I wrote a single threaded program (winforms meh) and am expecting it to behave like this:
What happens is messy.
Why the lag with updating windows form?
This is reduced code if necessary
private bool Run(int commandIndex, string fullCommand)
{
if (operationStarted != null)
operationStarted(commandIndex);
// start long lasting external process
if (exitCode != 0)
{
if (operationFailed != null)
operationFailed(commandIndex, Error);
return false;
}
if (operationCompleted != null)
operationCompleted(commandIndex);
return true;
}
operationStarted, operationFailed & operationCompleted are set correctly to update the appropriate images.

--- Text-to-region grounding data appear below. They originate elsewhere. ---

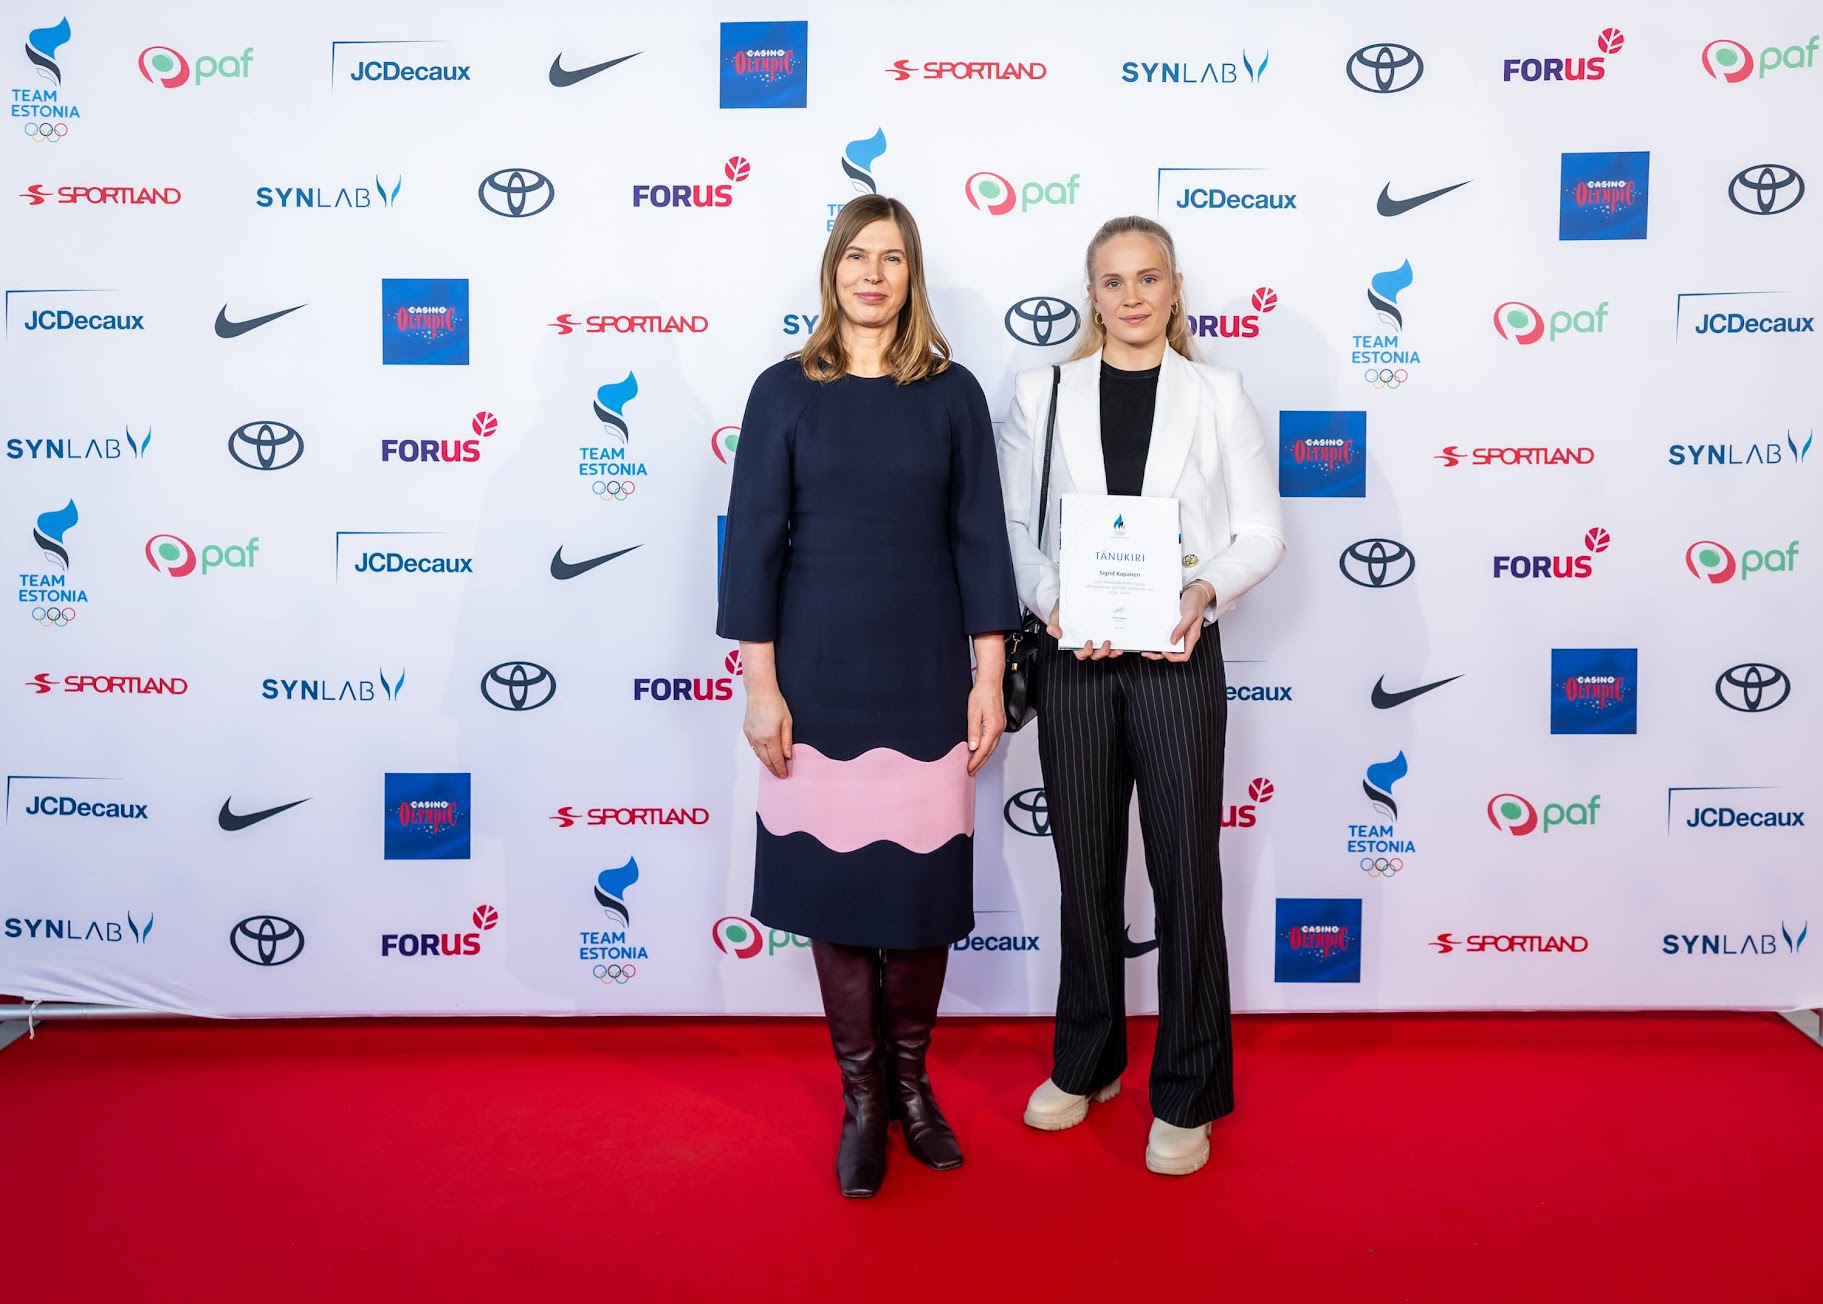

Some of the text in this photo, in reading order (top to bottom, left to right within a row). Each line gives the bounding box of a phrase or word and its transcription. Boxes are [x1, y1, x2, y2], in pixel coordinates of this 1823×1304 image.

[195, 47, 254, 86] paf
[1759, 35, 1820, 79] paf
[351, 61, 470, 81] JCDecaux
[924, 62, 1047, 79] SPORTLAND
[1122, 62, 1236, 83] SYNLAB
[1504, 57, 1605, 81] FORUS
[12, 89, 57, 102] TEAM
[12, 104, 80, 118] ESTONIA
[58, 187, 181, 204] SPORTLAND
[256, 187, 370, 207] SYNLAB
[633, 185, 732, 207] FORUS
[1022, 174, 1080, 213] paf
[1177, 189, 1297, 209] JCDecaux
[25, 310, 144, 330] JCDecaux
[586, 316, 708, 333] SPORTLAND
[1550, 301, 1608, 342] paf
[1695, 314, 1814, 334] JCDecaux
[1353, 336, 1398, 348] TEAM
[1352, 351, 1420, 364] ESTONIA
[7, 439, 120, 459] SYNLAB
[382, 440, 480, 462] FORUS
[580, 448, 624, 460] TEAM
[1472, 448, 1594, 465] SPORTLAND
[1669, 444, 1781, 465] SYNLAB
[580, 463, 647, 475] ESTONIA
[202, 537, 259, 575] paf
[355, 553, 473, 573] JCDecaux
[1096, 551, 1144, 562] TÄNUKIRI
[1742, 540, 1799, 581] paf
[1494, 555, 1593, 578] FORUS
[20, 574, 65, 587] TEAM
[19, 590, 88, 602] ESTONIA
[65, 676, 187, 694] SPORTLAND
[262, 679, 374, 700] SYNLAB
[634, 678, 733, 701] FORUS
[1227, 686, 1292, 702] ecaux
[26, 796, 148, 819] JCDecaux
[587, 808, 709, 825] SPORTLAND
[1543, 795, 1600, 833] paf
[1687, 808, 1804, 827] JCDecaux
[1348, 825, 1393, 837] TEAM
[1348, 840, 1415, 853] ESTONIA
[5, 918, 122, 942] SYNLAB
[580, 932, 625, 944] TEAM
[382, 933, 480, 956] FORUS
[949, 932, 1039, 952] Decaux
[1467, 935, 1588, 952] SPORTLAND
[1663, 934, 1776, 954] SYNLAB
[580, 947, 648, 960] ESTONIA

This is vastly simplified but I think it should suffice.
Windows is driven by messages which is handled in a queue system.
When you show a window, one or more messages is put into a queue and has to be processed.

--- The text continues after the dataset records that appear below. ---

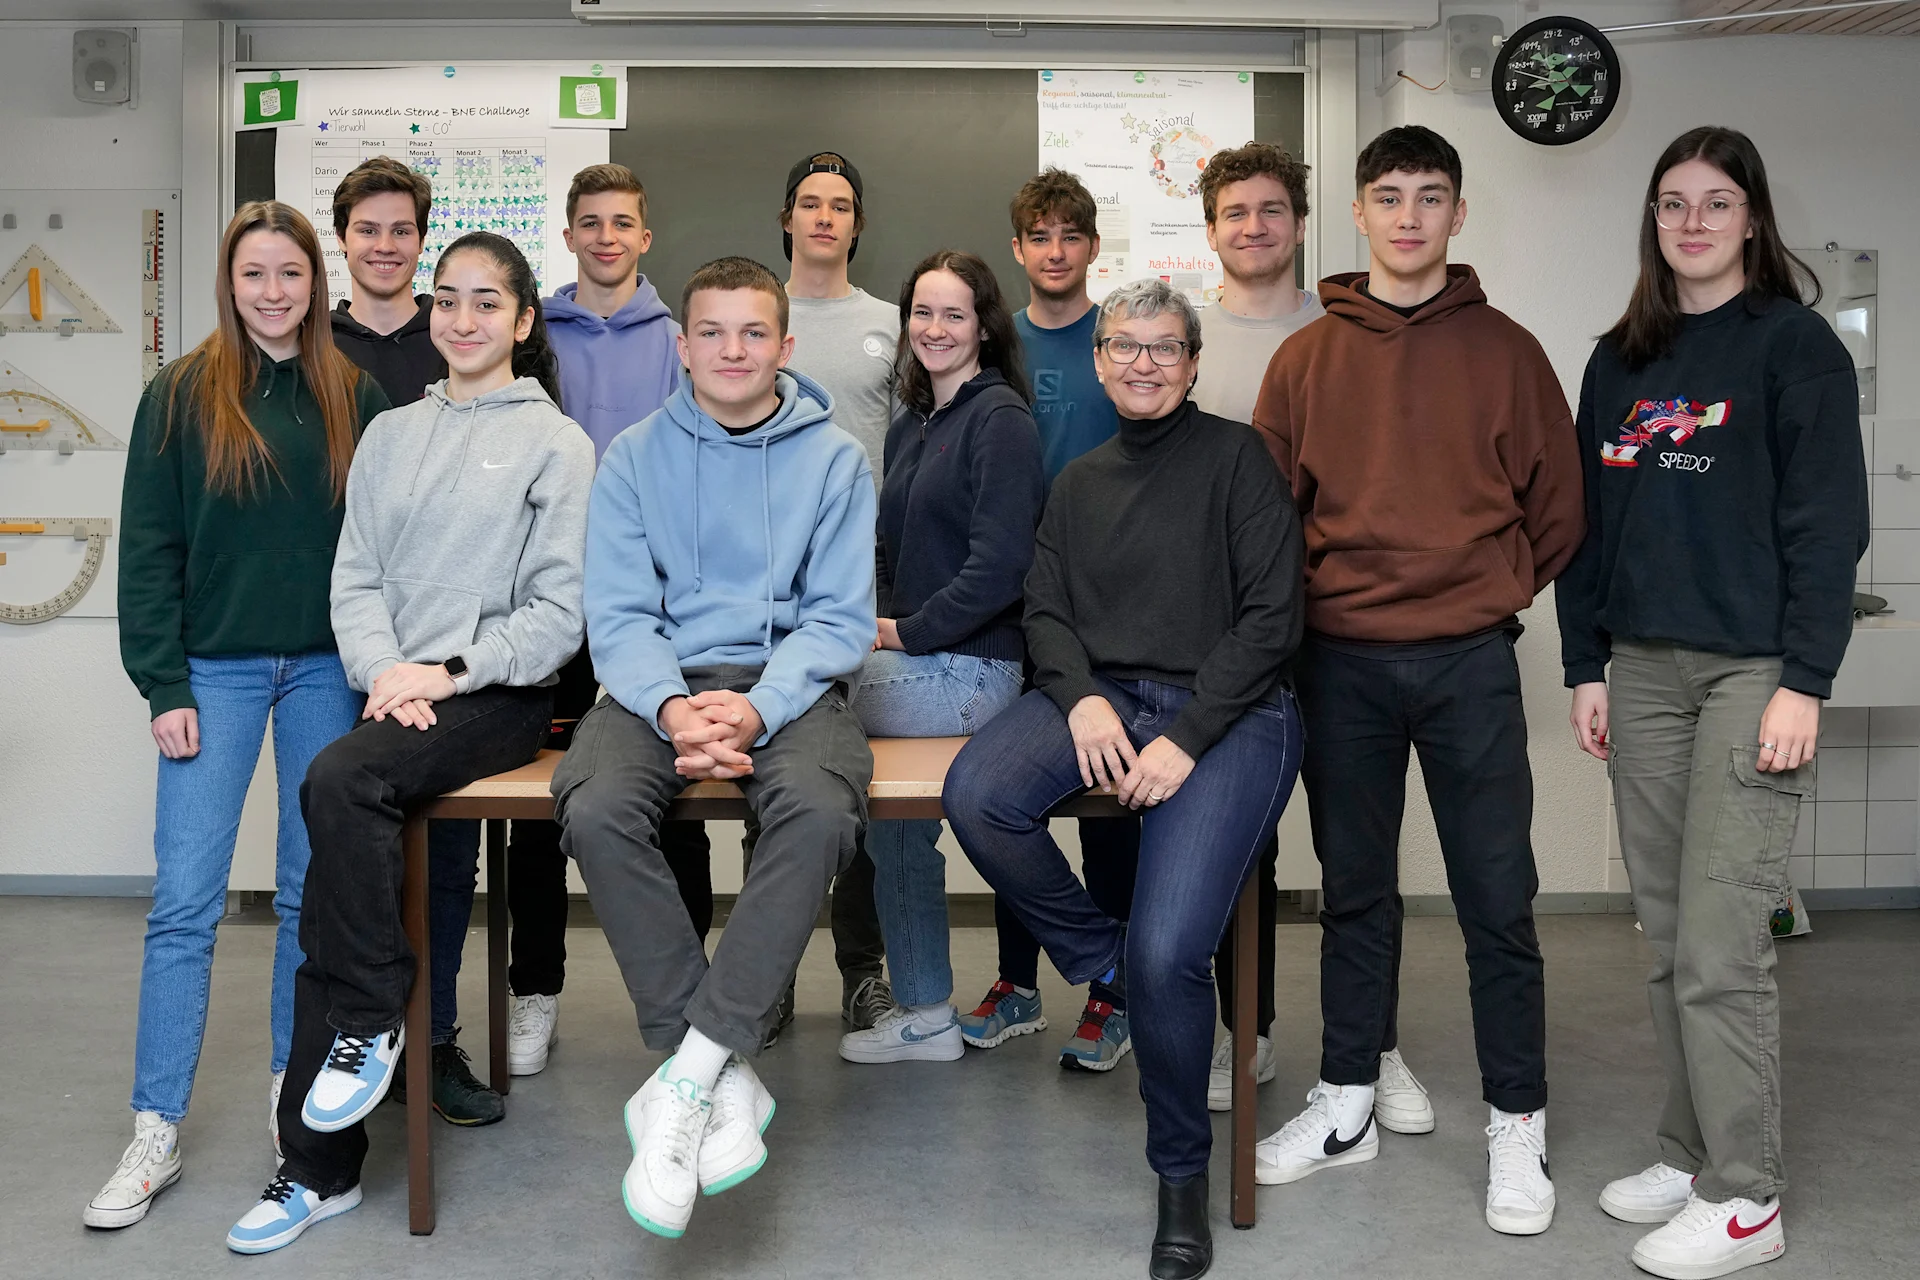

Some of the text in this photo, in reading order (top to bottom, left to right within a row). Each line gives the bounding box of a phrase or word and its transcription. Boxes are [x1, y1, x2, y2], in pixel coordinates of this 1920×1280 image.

[1080, 90, 1116, 99] saisonal,
[1116, 91, 1166, 99] klimaneutral
[329, 106, 350, 117] Wir
[351, 106, 401, 116] sammeln
[404, 107, 440, 117] Sterne
[451, 107, 476, 116] BNE
[479, 106, 530, 119] Challenge
[333, 119, 366, 133] Tierwohl
[1148, 111, 1195, 141] saisonal
[315, 167, 338, 175] Dario
[1093, 191, 1120, 205] ional
[315, 208, 334, 216] And
[315, 228, 337, 236] Flavi
[1148, 255, 1215, 271] nachhaltig
[325, 269, 340, 277] rah
[144, 344, 154, 352] 4

One of these messages is going to be a paint message. In response to this message your program is supposed to paint the window (or something inside it) on the screen.
The way the queue system is processed is that your form is owned by a thread that is continuously doing something like:
while (true)
{
var message = GetNextMessage();
if (message == none) break;
ProcessMessage(message);
}
One of the messages this loop handled was a message instructing your program that the user clicked on a button a form.
In response to this, .NET routes this message as an event to your event handler, typically something like "button1_Click", which then executes.
Until your event handler, this click method, returns, this loop is not processing any messages.
As such, if that button click event is doing something lengthy you're said to be "blocking the UI", which is basically "you're not returning in an orderly fashion back to the message loop".